Higher value added products are generally produced by batch operations. Often these products are sold out and extra batches translate to significant increases in revenue. Prime opportunities are specialty chemicals and drugs, especially new biopharmaceuticals where optimization took a backseat to time to market in the initial plant and automation system design.

I looked over my past experience with Monsanto, Solutia, and Emerson and have come up with myriad of methods to reduce batch cycle time. I have divided them up into opportunities to help feedback loops to get to setpoint faster that are important for Fed-Batch operations and for startups and transitions of continuous operations (Part 1) and opportunities to shorten phases and holds that are important for Pure-Batch operations (Part 2). These techniques like all new configurations and strategies should be thoroughly tested by simulation and closely monitored and adjusted for safe and efficient operation.
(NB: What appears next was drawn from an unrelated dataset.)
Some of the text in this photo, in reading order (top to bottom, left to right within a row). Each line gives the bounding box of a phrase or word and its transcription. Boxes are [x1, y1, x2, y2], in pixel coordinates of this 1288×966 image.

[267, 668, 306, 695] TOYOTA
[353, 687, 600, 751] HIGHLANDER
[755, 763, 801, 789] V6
Today's blog is a preview of Deminar #7 on July 14.

Fed-Batch Opportunities

1) PID on Error Structure - This structure maximizes the kick of the controller output for a setpoint change. The overdrive (driving of output past resting point) is essential for getting slow loops, such as temperature, to the optimum setpoint as fast as possible.

2) SP Track PV - With this control option the setpoint is changed to its optimum with the controller in automatic providing the kick from the PID structure (1). For batch operations this option is commonly used. For continuous operations with few setpoint changes (no grade transitions) and extremely long run time (e.g. years), the setpoint is held at its last value. However, even here loops with slow reset action (large reset times), such as level, the use of the SP Track PV option can prove useful when putting these loops back in service after maintenance.

3) SP Feedforward - For low controller gains (controller gain less than inverse of process gain), a setpoint feedforward is useful. The setpoint feedforward gain is the inverse of the dimensionless process gain minus the controller gain on a percent basis. If the setpoint and controller output are in engineering units the feedforward gain must be adjusted accordingly. The feedforward action is the process action, which is the opposite of the control action, taking into account valve action. In other words for a reverse control action, the feedforward action is direct provided the valve action is inc-open or the analog output block, I/P, or positioner reverses the signal for a inc-close (fail open) valve.

4) Output Lead-Lag - A lead-lag on the controller output or in the digital positioner can kick the signal though the valve deadband and sticktion, get past split range points, and make faster transitions from heating to cooling and vice versa. When combined with the enhanced PID algorithm described in Deminar #1, the lead-lag can potentially provide faster control when online analyzers are used for closed loop control of the integrating response associated with batch operations.

5) Deadtime Compensation - The simple addition of a delay block with the deadtime set equal to the total loop deadtime to the external reset signal for the positive feedback implementation of integral action (see Deminar #3). The controller reset time can be significantly reduced and the controller gain increased if the delay block deadtime is equal or slightly less than the process deadtime (see Advanced Application Note 3 entry March 25, 2009 on this website).

6) Full Throttle Batch - The controller output is put at its output limit to maximize the rate of approach to setpoint. When the projected PV equals the setpoint less a bias, the controller output is repositioned to the final resting value captured from the last batch. The output is held at the resting value for one deadtime. For more details, check out the Control magazine article "Full Throttle Batch and Startup Response."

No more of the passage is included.